Plus if you know you are not ready to move into something long term, then you
simply move to a space where you can rent this.

------
DividesByZero
I'm an engineer who visited Berlin earlier this year and loved the city - it's
like my home town of Melbourne, Australia which I love, but just MORE of it.

I already had the itch to leave my 9-5 and go somewhere for an adventure, so
when I got home I set about working out what I'd need to do to head over there
and how much capital I'd need for about 6-months self sustained living in
Berlin (came out to about $15,000AUD, thanks to the current strong AUD).

I found out one of my close (engineer) friends was also looking to leave his
job and do something interesting and exciting, so I've convinced him to come
with me too. Succeed or fail, it really seems like we could be part of
something exciting in Berlin! Any advice on dos and don't would be
appreciated.

------
kellysutton
I've been back and forth from Berlin for a little while now. My company's home
base is in NYC, but I sometimes work out of Berlin.

Even this year while I was there (Feb. - May), the startup scene is exploding.
I liken it to the satisfaction of knowing of a great band before everyone
else: there's no doubt that Berlin will be muttered in the same breath as the
Valley, NYC and London. It's only a matter of time.

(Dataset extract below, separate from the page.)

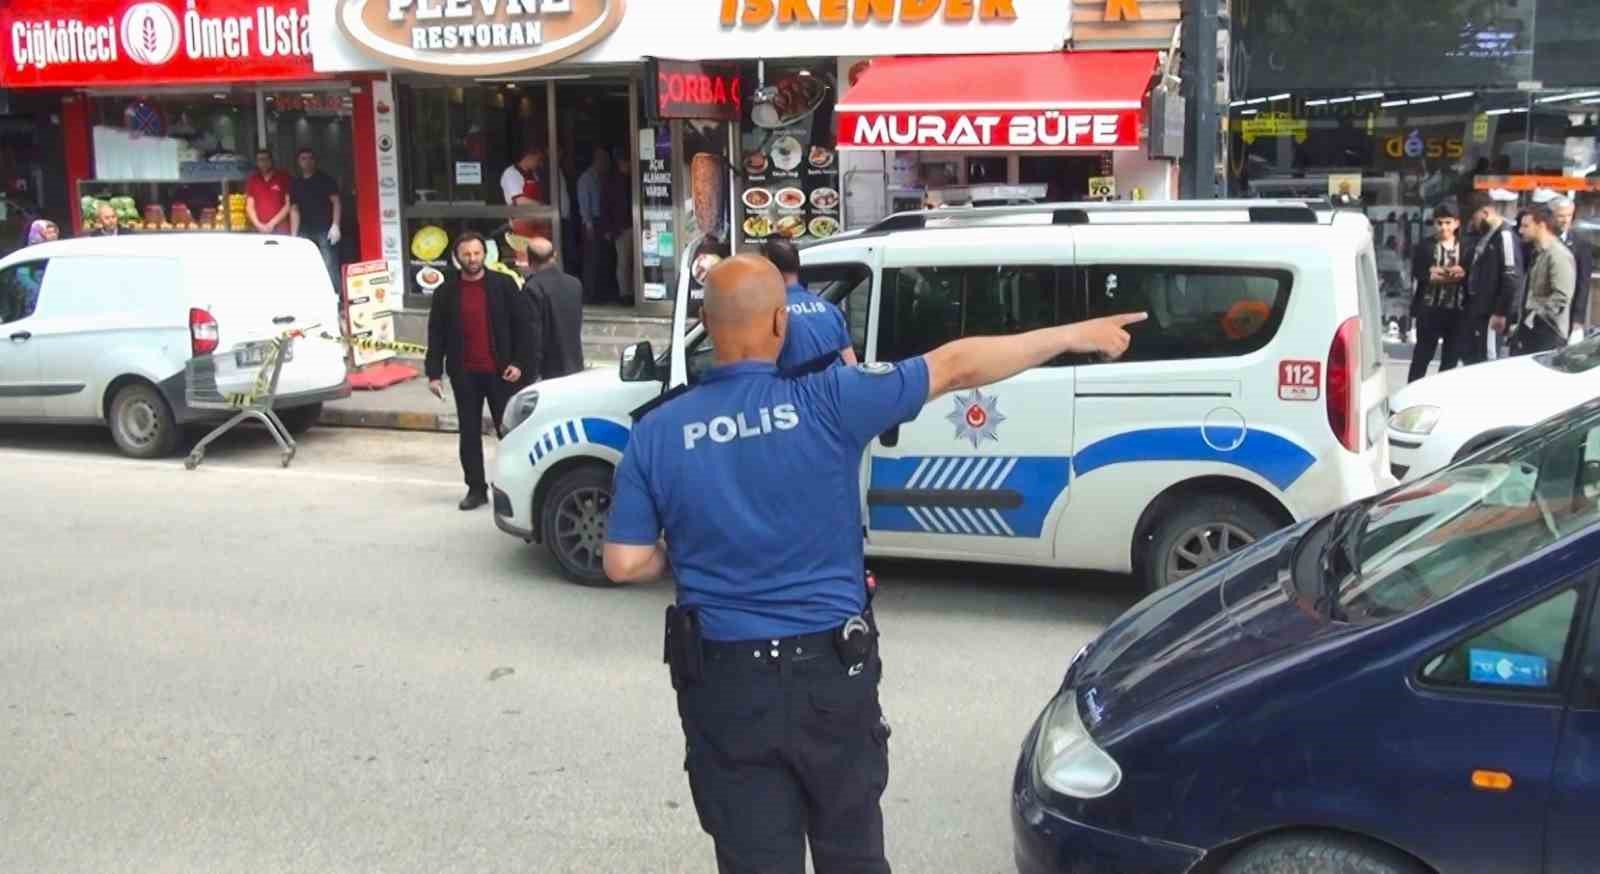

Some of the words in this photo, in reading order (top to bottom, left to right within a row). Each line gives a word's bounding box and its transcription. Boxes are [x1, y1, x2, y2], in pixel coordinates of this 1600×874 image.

The German culture can be a bit harsh to outsiders, but the Berlin startup
scene more than makes up for that. The folks there are very kind and always
willing to entertain a good conversation.

------
graup
I'm from Berlin, so I naturally enjoy the kind of hype that's being created
since one or two years ago. However, I'd like to stress what someone in the
video said: It's just budding and really not yet comparable to New York or
London. There are quite a couple of cool start-ups here now, but still few
with innovative breakthrough technology and also few large investors. But I
see it coming, too.

I guess this will also become a self-fulfilling prophecy. For ten years people
have been telling how cool Berlin is and a lot creative people were attracted.
Now everyone's telling about the new tech start-up scene and that will attract
even more talented people - hopefully also large investors.

Interesting times ahead!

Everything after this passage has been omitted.